(Source data)
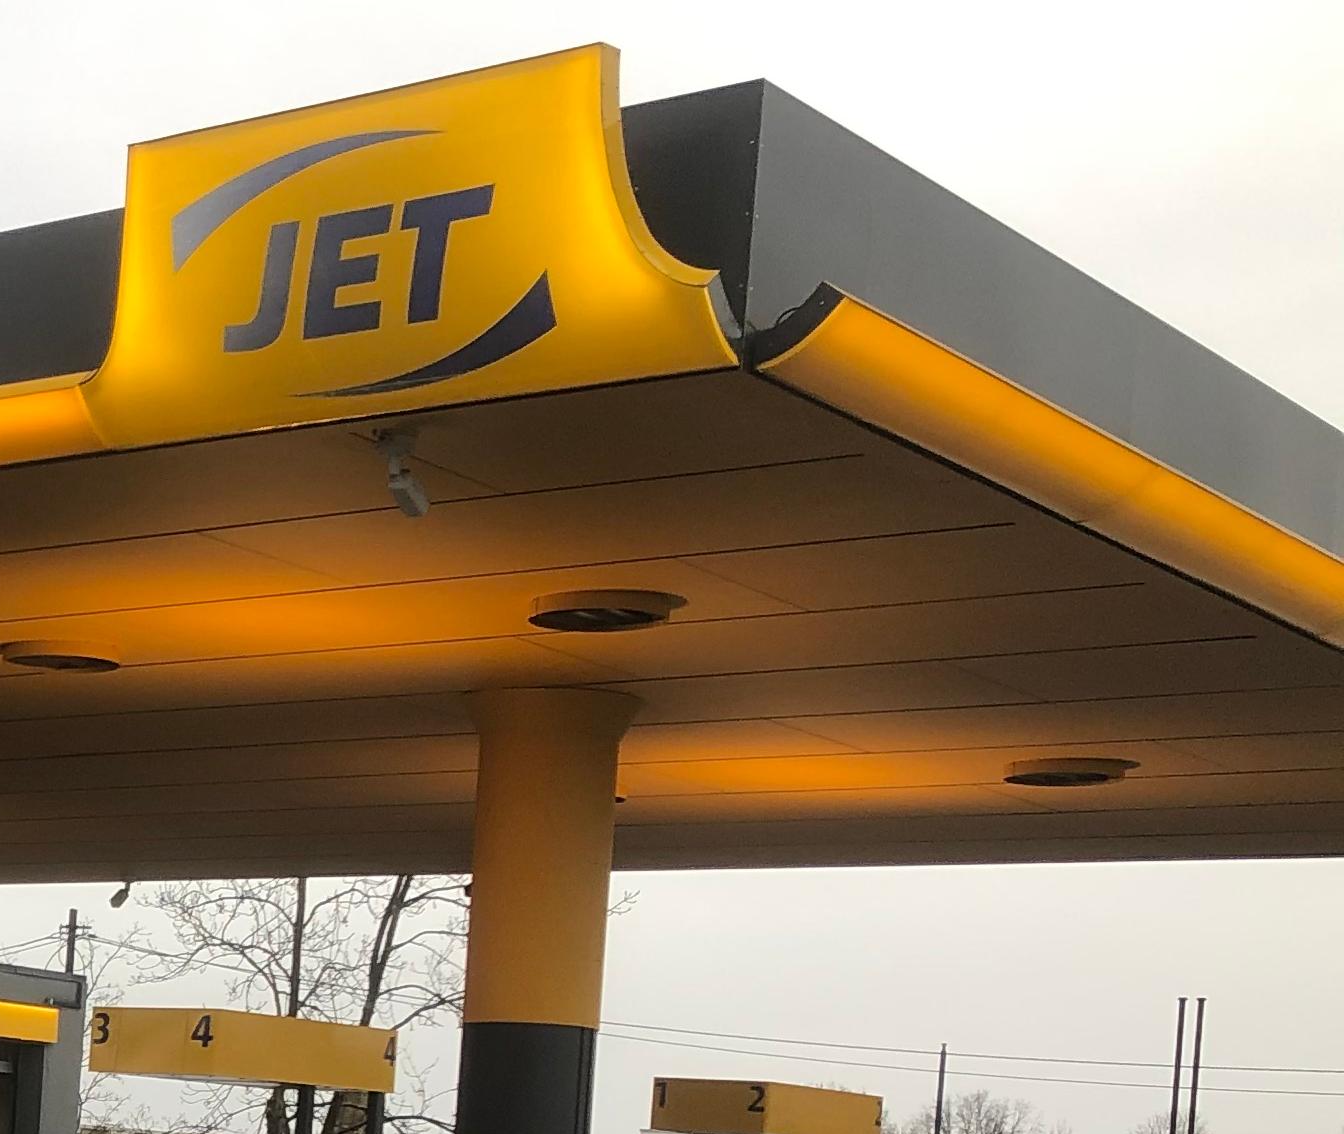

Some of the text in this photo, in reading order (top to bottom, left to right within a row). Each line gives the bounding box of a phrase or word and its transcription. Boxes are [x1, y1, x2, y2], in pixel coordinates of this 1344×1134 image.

[222, 182, 496, 354] JET
[91, 1012, 111, 1045] 3
[190, 1014, 214, 1048] 4
[382, 1035, 397, 1067] 4
[654, 1081, 669, 1109] 1
[747, 1085, 766, 1112] 2
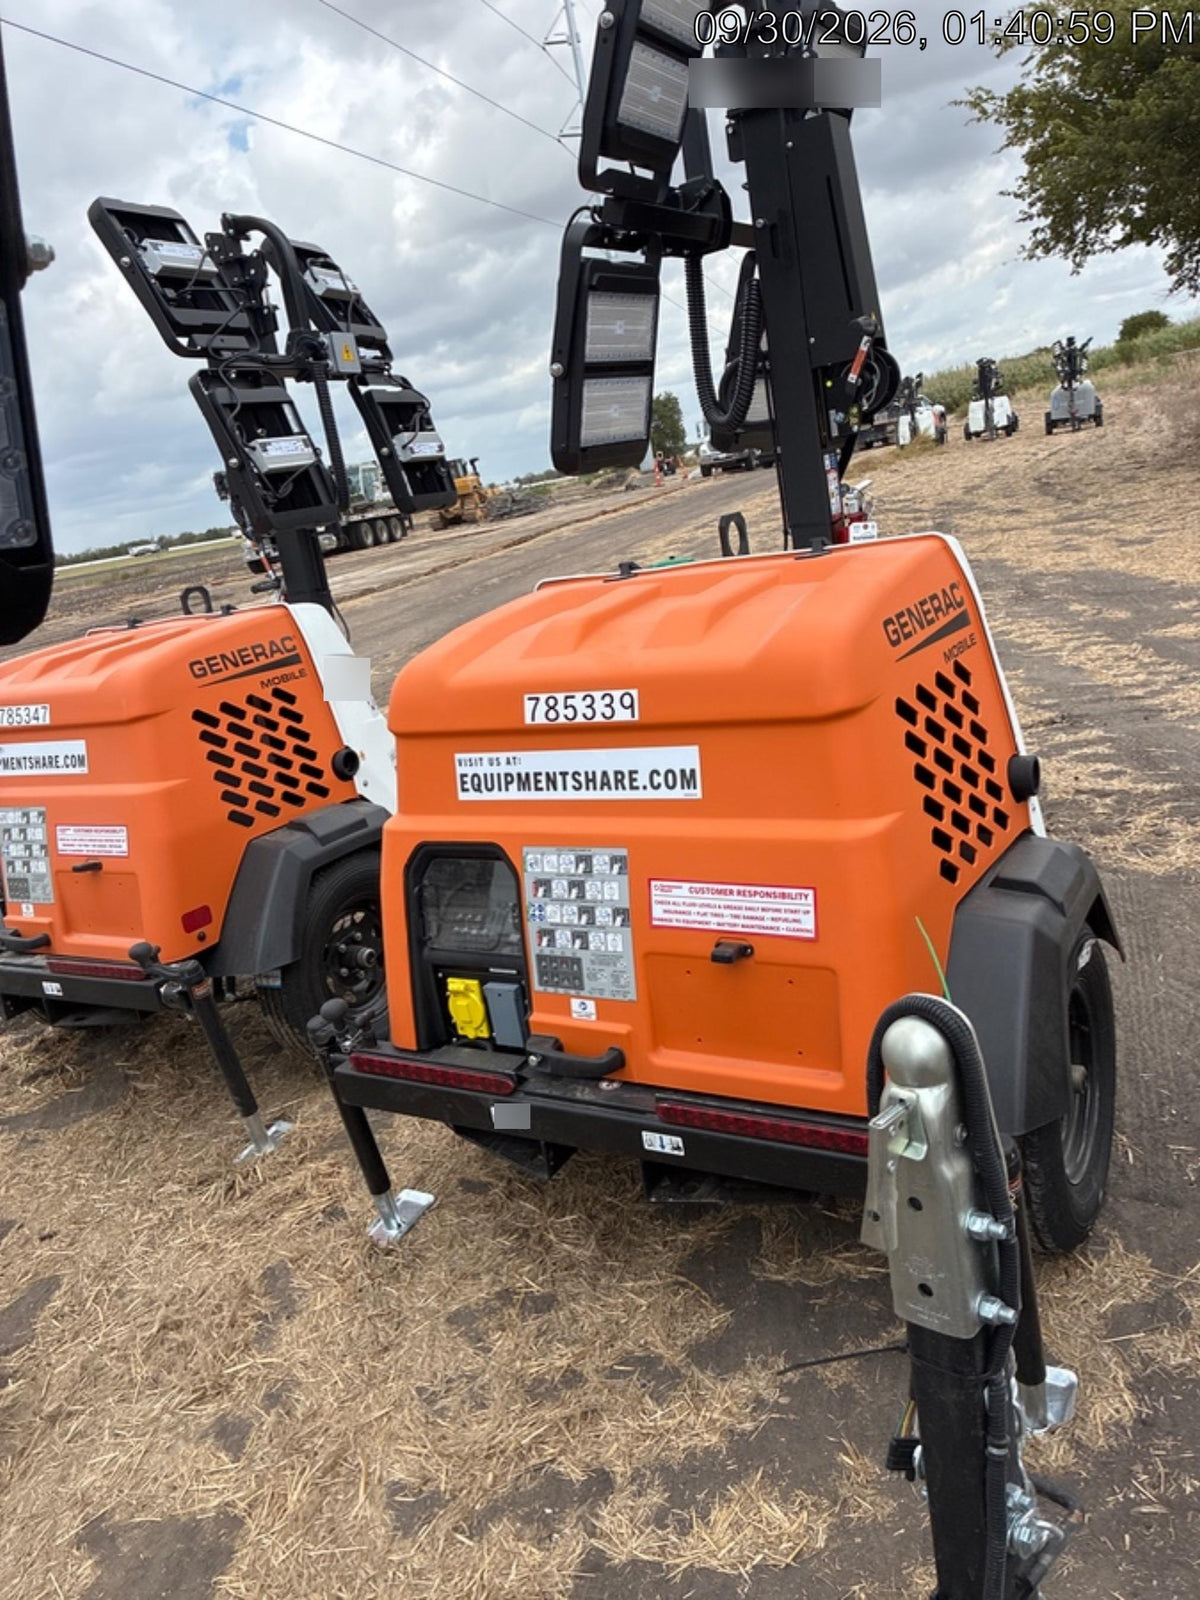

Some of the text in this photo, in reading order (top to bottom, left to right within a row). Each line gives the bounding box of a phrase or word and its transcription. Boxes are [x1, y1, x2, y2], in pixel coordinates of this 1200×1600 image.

[882, 582, 965, 648] GENERAC
[188, 636, 297, 679] GENERAC
[943, 632, 977, 664] MOBILE
[260, 668, 307, 689] MOBILE
[527, 691, 636, 722] 785339
[0, 754, 86, 771] MENTSHARE.COM
[457, 756, 522, 767] VISIT US AT:
[459, 768, 698, 793] EQUIPMENTSHARE.COM
[688, 886, 734, 897] CUSTOMER
[736, 888, 809, 901] RESPONSIBILITY

→ Exercise instructions: Exactly reproduce the lines from the one containing "this 1200×1600 image." through the end of the records, and only those lines.

→ Response box:
Some of the text in this photo, in reading order (top to bottom, left to right within a row). Each line gives the bounding box of a phrase or word and its transcription. Boxes are [x1, y1, x2, y2], in pixel coordinates of this 1200×1600 image.

[882, 582, 965, 648] GENERAC
[188, 636, 297, 679] GENERAC
[943, 632, 977, 664] MOBILE
[260, 668, 307, 689] MOBILE
[527, 691, 636, 722] 785339
[0, 754, 86, 771] MENTSHARE.COM
[457, 756, 522, 767] VISIT US AT:
[459, 768, 698, 793] EQUIPMENTSHARE.COM
[688, 886, 734, 897] CUSTOMER
[736, 888, 809, 901] RESPONSIBILITY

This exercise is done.